Segment Start: The data
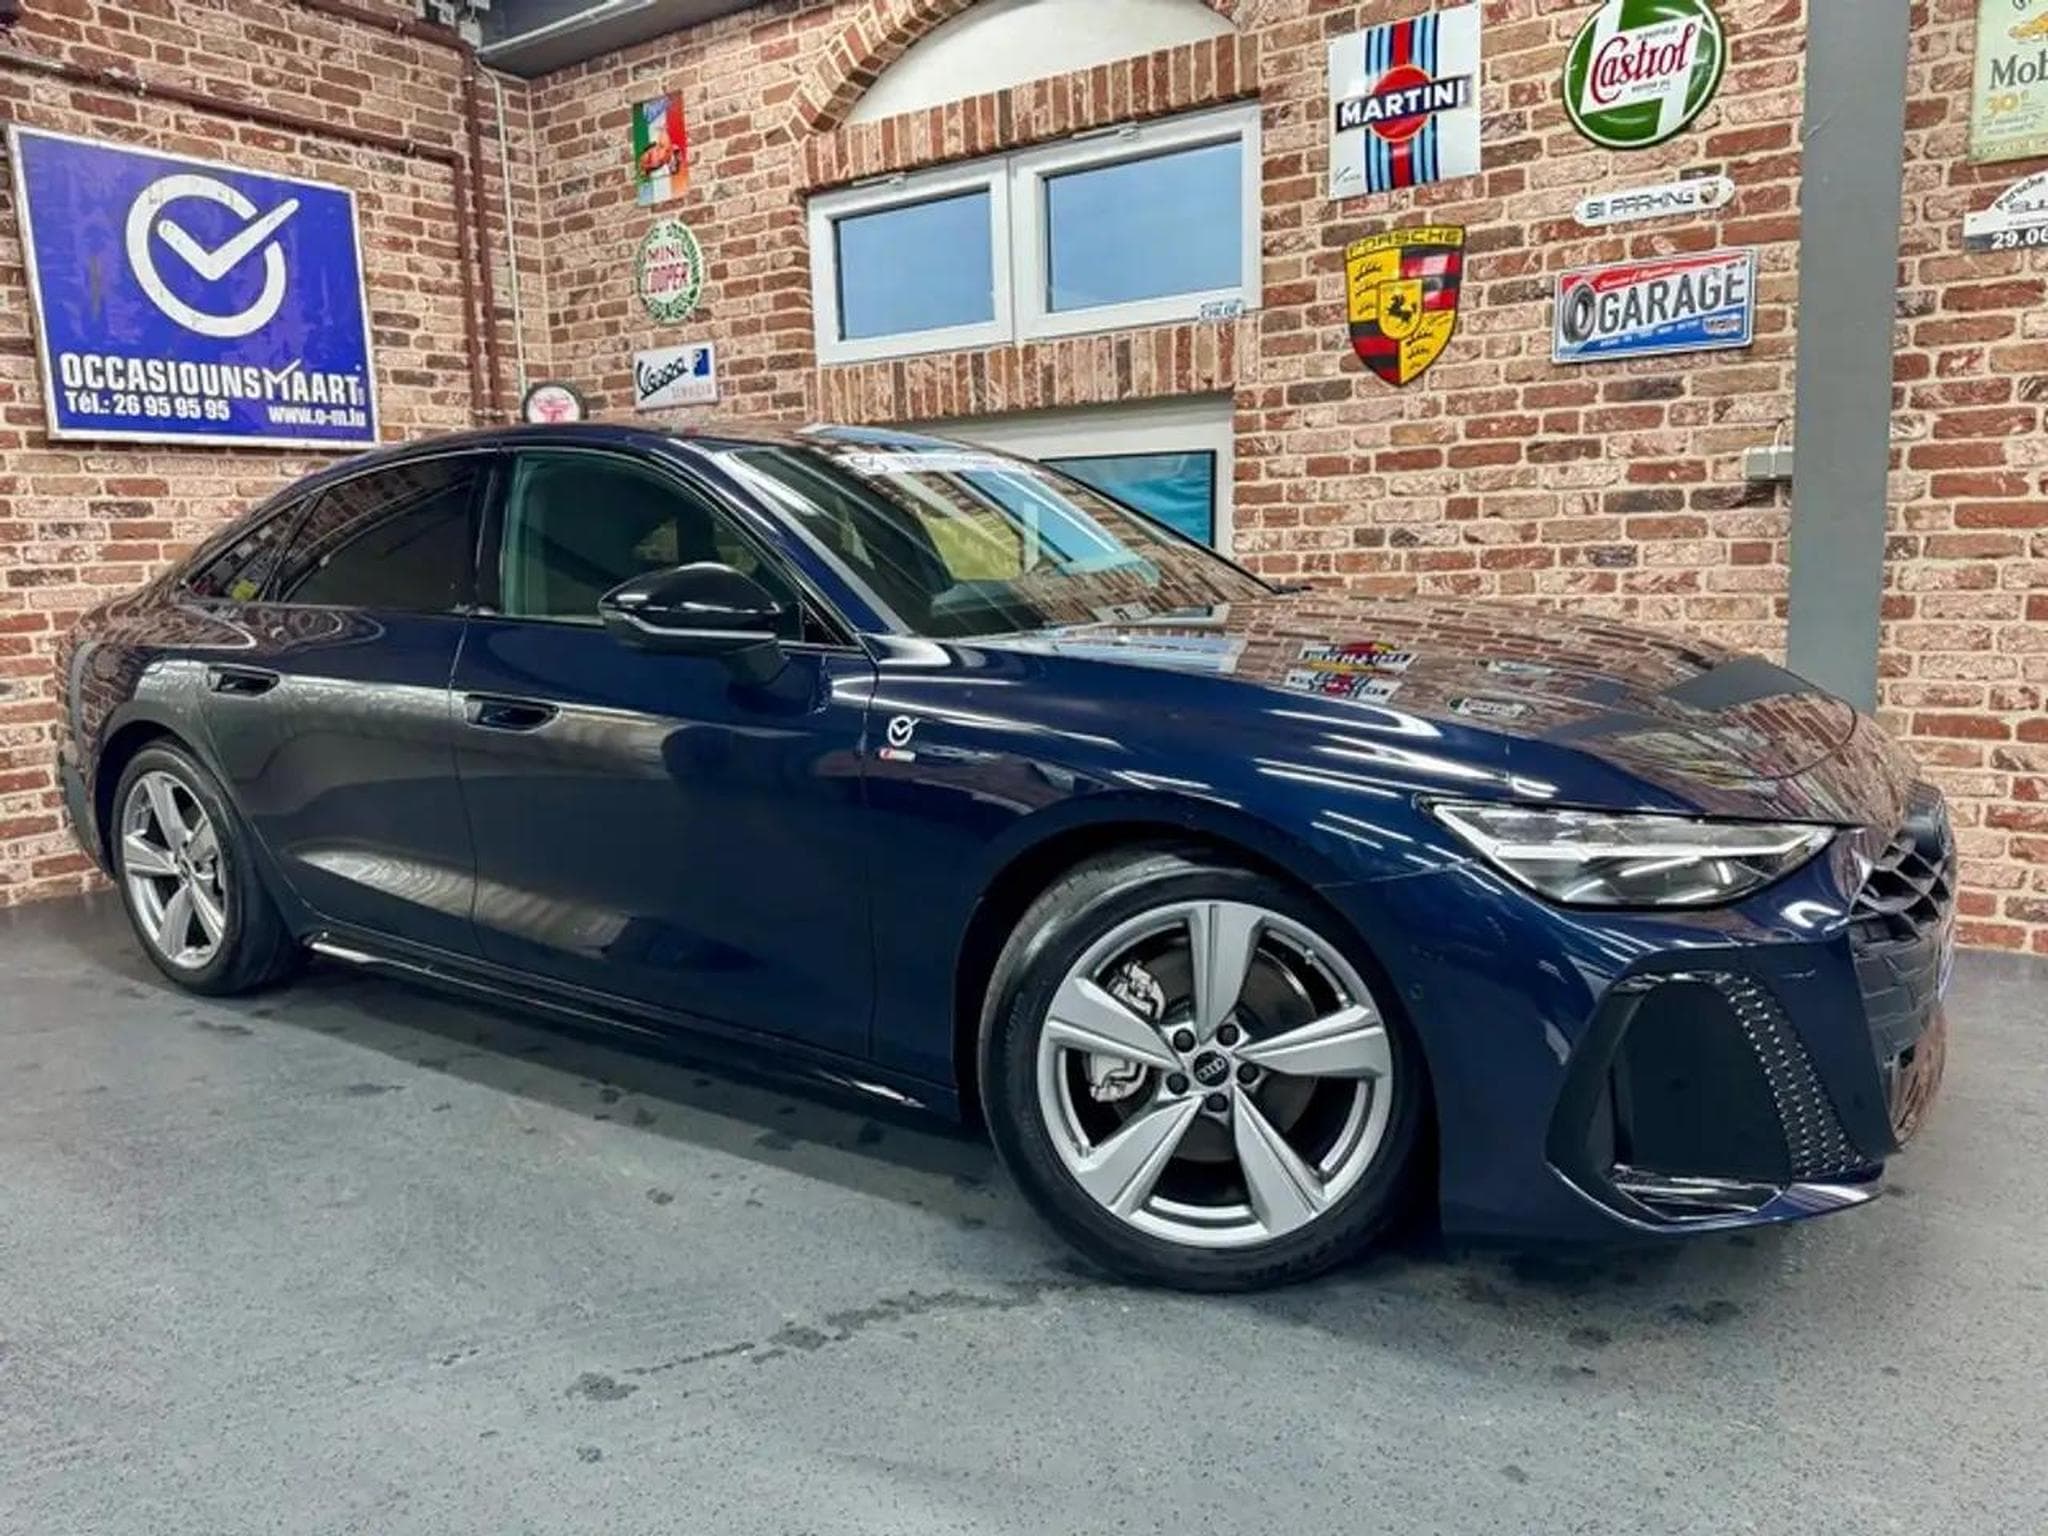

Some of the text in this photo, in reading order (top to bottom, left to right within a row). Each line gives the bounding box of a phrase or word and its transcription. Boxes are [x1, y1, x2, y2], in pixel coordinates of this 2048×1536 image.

[1591, 22, 1697, 104] Castrol
[1340, 78, 1465, 128] MARTINI
[1610, 189, 1695, 216] PARKING
[645, 241, 683, 263] MINI
[1346, 229, 1463, 259] PORSCHE
[645, 261, 688, 295] COOPER
[1598, 259, 1748, 334] GARAGE
[636, 357, 689, 401] Vespa
[112, 393, 141, 416] 26
[144, 396, 171, 418] 95
[174, 397, 201, 420] 95
[204, 399, 230, 421] 95
[268, 406, 366, 428] www.o-m.lu
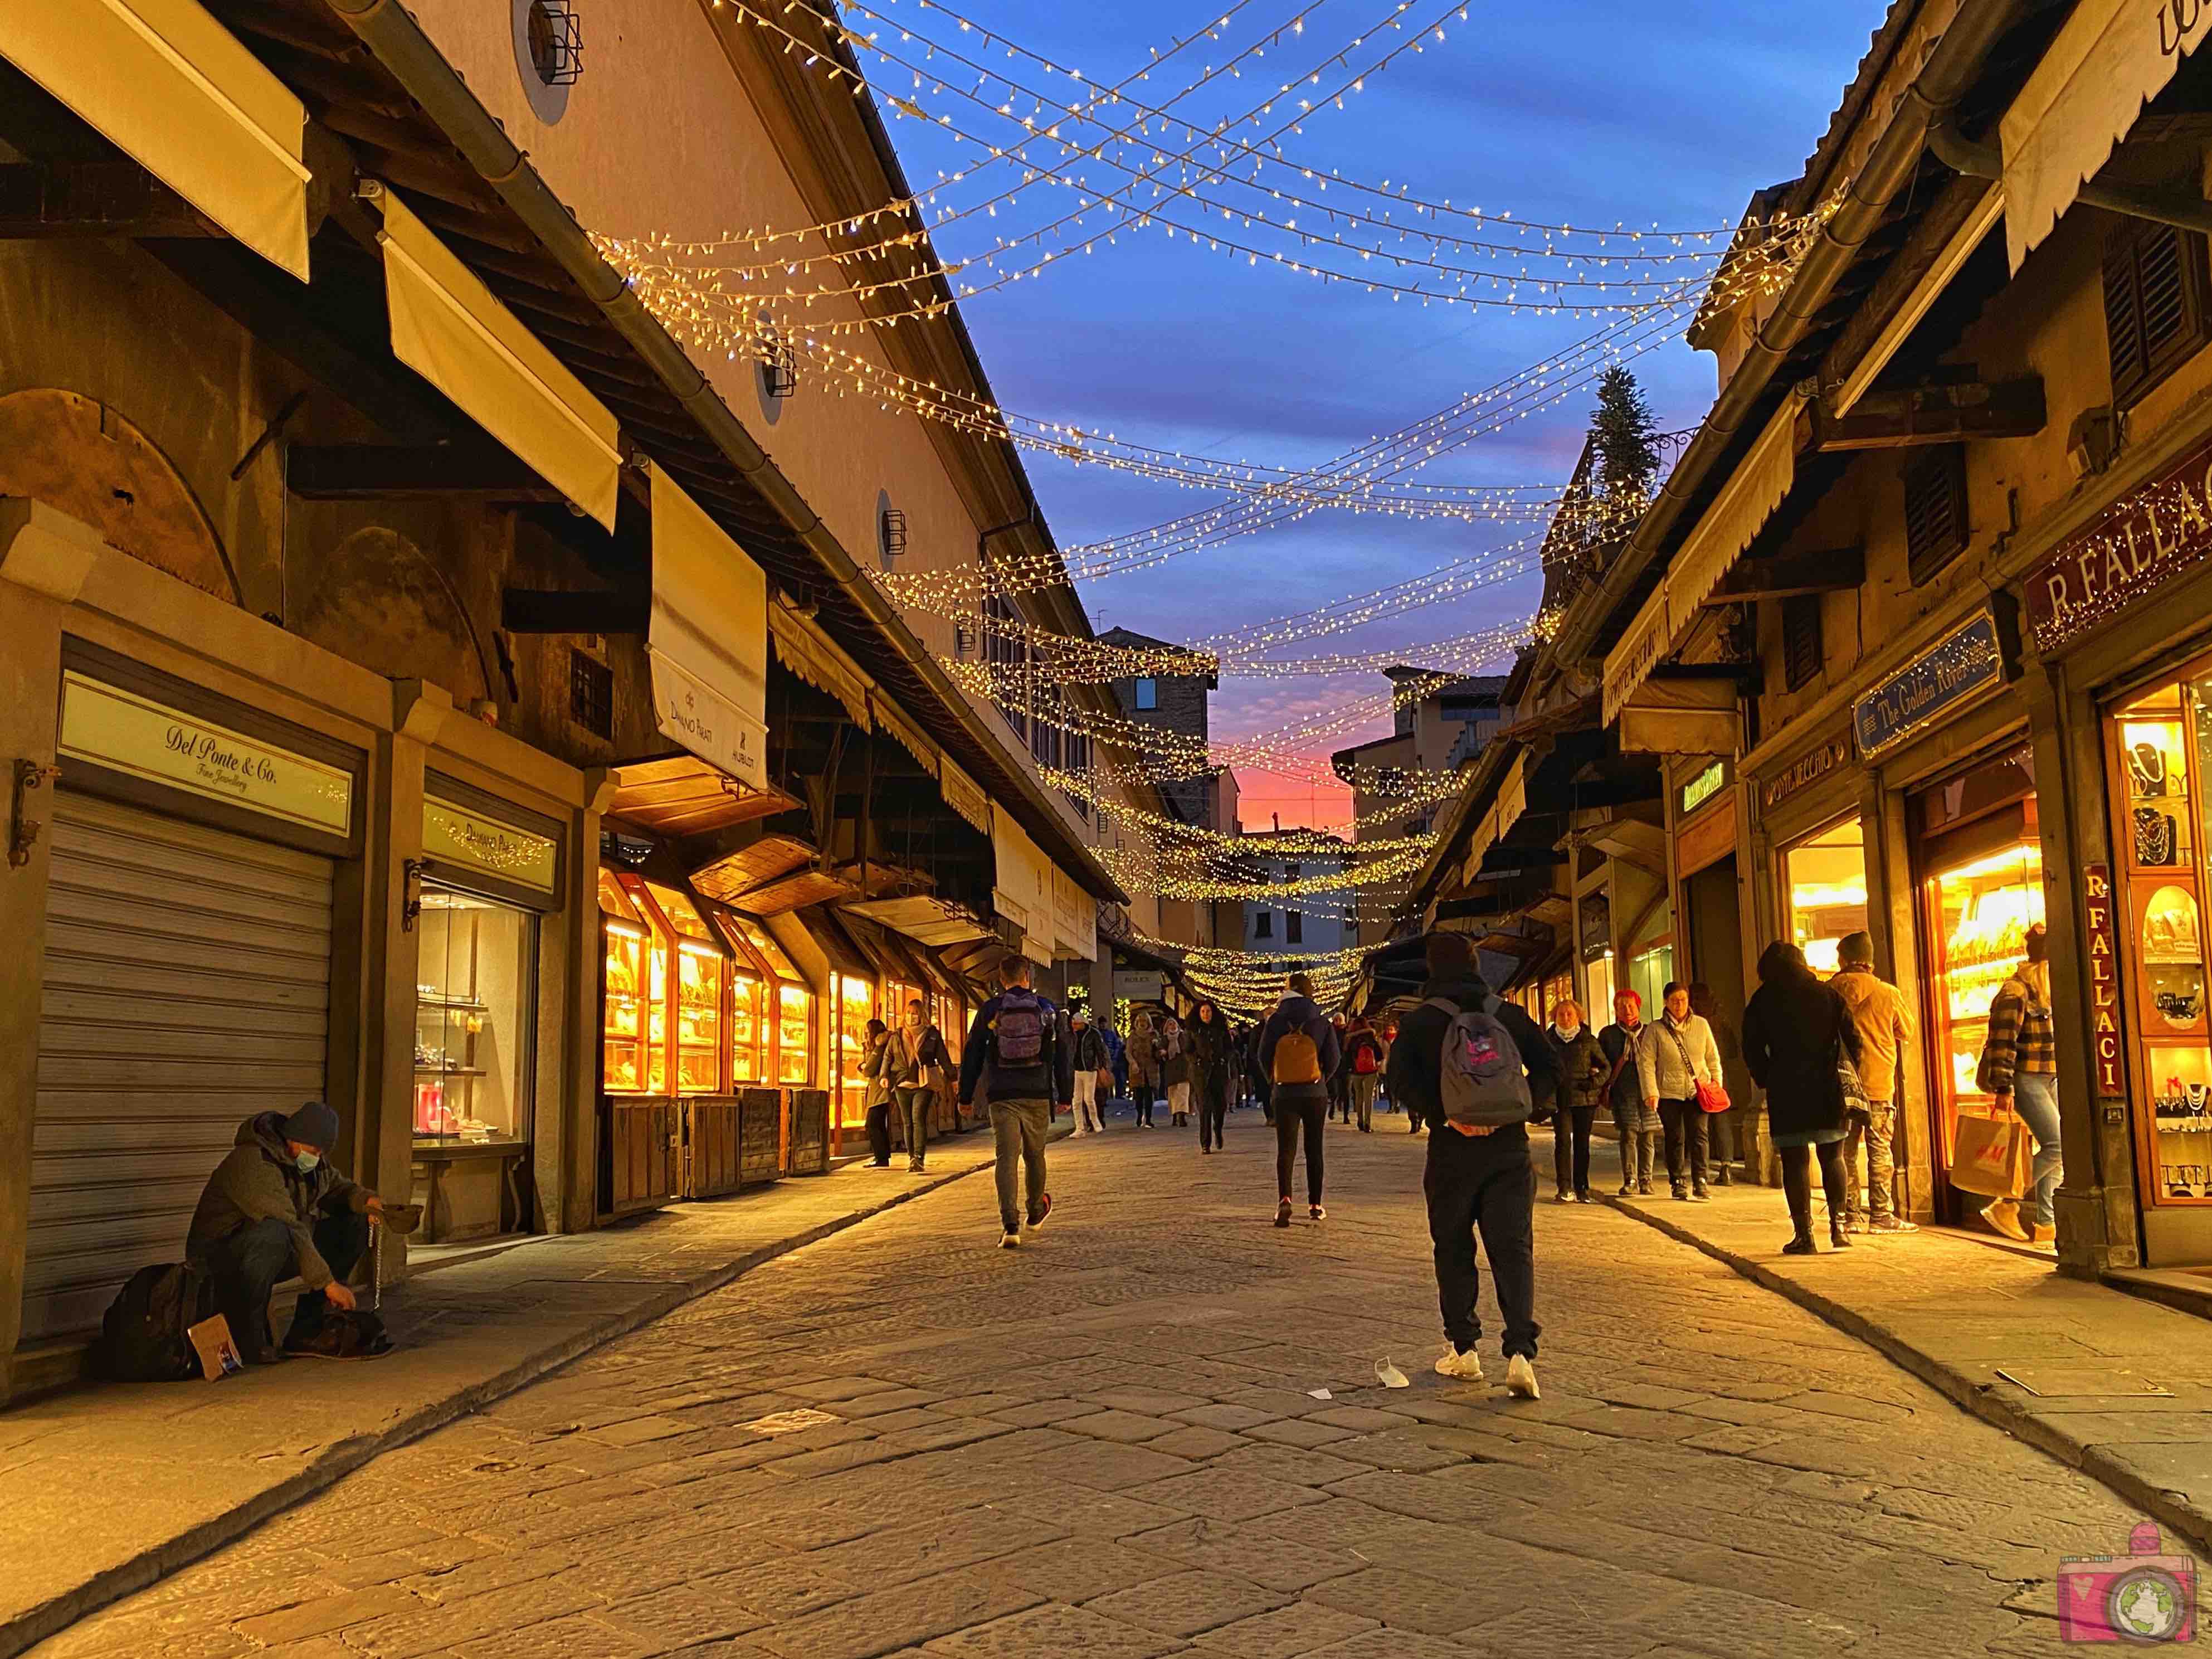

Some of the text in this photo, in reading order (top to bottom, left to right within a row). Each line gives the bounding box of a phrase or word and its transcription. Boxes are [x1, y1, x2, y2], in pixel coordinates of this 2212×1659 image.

[1878, 663, 1967, 729] The Golden River
[165, 726, 277, 784] Del Ponte & Co.
[196, 763, 213, 779] Fine
[2089, 908, 2116, 1085] FALLACI
Segment End: The data
* Exercise details:
Without the pictures, repeat the listing exactly as it reads.

* Exercise output:
Some of the text in this photo, in reading order (top to bottom, left to right within a row). Each line gives the bounding box of a phrase or word and its transcription. Boxes are [x1, y1, x2, y2], in pixel coordinates of this 2048×1536 image.

[1591, 22, 1697, 104] Castrol
[1340, 78, 1465, 128] MARTINI
[1610, 189, 1695, 216] PARKING
[645, 241, 683, 263] MINI
[1346, 229, 1463, 259] PORSCHE
[645, 261, 688, 295] COOPER
[1598, 259, 1748, 334] GARAGE
[636, 357, 689, 401] Vespa
[112, 393, 141, 416] 26
[144, 396, 171, 418] 95
[174, 397, 201, 420] 95
[204, 399, 230, 421] 95
[268, 406, 366, 428] www.o-m.lu

Some of the text in this photo, in reading order (top to bottom, left to right within a row). Each line gives the bounding box of a phrase or word and its transcription. Boxes are [x1, y1, x2, y2], in pixel coordinates of this 2212×1659 image.

[1878, 663, 1967, 729] The Golden River
[165, 726, 277, 784] Del Ponte & Co.
[196, 763, 213, 779] Fine
[2089, 908, 2116, 1085] FALLACI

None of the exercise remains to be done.